* [Task brief]
Please write back every entry exactly, character for character.

* [Information supplied]
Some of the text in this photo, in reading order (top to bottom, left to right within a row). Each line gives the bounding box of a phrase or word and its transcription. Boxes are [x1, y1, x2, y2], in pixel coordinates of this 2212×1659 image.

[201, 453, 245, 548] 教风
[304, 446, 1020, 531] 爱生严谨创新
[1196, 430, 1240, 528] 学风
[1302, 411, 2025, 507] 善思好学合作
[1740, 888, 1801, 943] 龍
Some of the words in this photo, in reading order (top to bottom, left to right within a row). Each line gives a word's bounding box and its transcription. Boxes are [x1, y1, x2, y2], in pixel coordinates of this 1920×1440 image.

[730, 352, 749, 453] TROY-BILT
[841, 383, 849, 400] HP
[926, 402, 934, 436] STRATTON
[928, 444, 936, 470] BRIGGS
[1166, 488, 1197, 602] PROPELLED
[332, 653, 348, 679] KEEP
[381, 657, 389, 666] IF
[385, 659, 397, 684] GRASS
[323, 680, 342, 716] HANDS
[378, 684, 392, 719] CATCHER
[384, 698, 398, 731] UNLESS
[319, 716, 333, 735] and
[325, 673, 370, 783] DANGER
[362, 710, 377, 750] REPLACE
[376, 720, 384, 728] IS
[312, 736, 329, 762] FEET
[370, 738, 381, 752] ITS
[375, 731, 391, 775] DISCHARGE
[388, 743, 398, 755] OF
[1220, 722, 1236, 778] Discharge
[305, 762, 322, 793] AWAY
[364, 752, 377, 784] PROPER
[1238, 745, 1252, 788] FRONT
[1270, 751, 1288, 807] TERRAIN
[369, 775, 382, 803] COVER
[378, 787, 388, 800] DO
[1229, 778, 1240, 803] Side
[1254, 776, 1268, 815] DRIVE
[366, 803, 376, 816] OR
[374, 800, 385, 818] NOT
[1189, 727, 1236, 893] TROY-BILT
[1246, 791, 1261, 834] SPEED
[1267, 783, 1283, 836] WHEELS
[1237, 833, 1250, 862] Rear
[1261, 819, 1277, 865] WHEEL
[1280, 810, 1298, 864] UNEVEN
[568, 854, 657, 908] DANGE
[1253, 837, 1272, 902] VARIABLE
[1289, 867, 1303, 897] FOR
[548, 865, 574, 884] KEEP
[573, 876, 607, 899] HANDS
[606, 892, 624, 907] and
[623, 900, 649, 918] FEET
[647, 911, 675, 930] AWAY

* [Solution to this exercise]
Some of the text in this photo, in reading order (top to bottom, left to right within a row). Each line gives the bounding box of a phrase or word and its transcription. Boxes are [x1, y1, x2, y2], in pixel coordinates of this 2212×1659 image.

[201, 453, 245, 548] 教风
[304, 446, 1020, 531] 爱生严谨创新
[1196, 430, 1240, 528] 学风
[1302, 411, 2025, 507] 善思好学合作
[1740, 888, 1801, 943] 龍
Some of the words in this photo, in reading order (top to bottom, left to right within a row). Each line gives a word's bounding box and its transcription. Boxes are [x1, y1, x2, y2], in pixel coordinates of this 1920×1440 image.

[730, 352, 749, 453] TROY-BILT
[841, 383, 849, 400] HP
[926, 402, 934, 436] STRATTON
[928, 444, 936, 470] BRIGGS
[1166, 488, 1197, 602] PROPELLED
[332, 653, 348, 679] KEEP
[381, 657, 389, 666] IF
[385, 659, 397, 684] GRASS
[323, 680, 342, 716] HANDS
[378, 684, 392, 719] CATCHER
[384, 698, 398, 731] UNLESS
[319, 716, 333, 735] and
[325, 673, 370, 783] DANGER
[362, 710, 377, 750] REPLACE
[376, 720, 384, 728] IS
[312, 736, 329, 762] FEET
[370, 738, 381, 752] ITS
[375, 731, 391, 775] DISCHARGE
[388, 743, 398, 755] OF
[1220, 722, 1236, 778] Discharge
[305, 762, 322, 793] AWAY
[364, 752, 377, 784] PROPER
[1238, 745, 1252, 788] FRONT
[1270, 751, 1288, 807] TERRAIN
[369, 775, 382, 803] COVER
[378, 787, 388, 800] DO
[1229, 778, 1240, 803] Side
[1254, 776, 1268, 815] DRIVE
[366, 803, 376, 816] OR
[374, 800, 385, 818] NOT
[1189, 727, 1236, 893] TROY-BILT
[1246, 791, 1261, 834] SPEED
[1267, 783, 1283, 836] WHEELS
[1237, 833, 1250, 862] Rear
[1261, 819, 1277, 865] WHEEL
[1280, 810, 1298, 864] UNEVEN
[568, 854, 657, 908] DANGE
[1253, 837, 1272, 902] VARIABLE
[1289, 867, 1303, 897] FOR
[548, 865, 574, 884] KEEP
[573, 876, 607, 899] HANDS
[606, 892, 624, 907] and
[623, 900, 649, 918] FEET
[647, 911, 675, 930] AWAY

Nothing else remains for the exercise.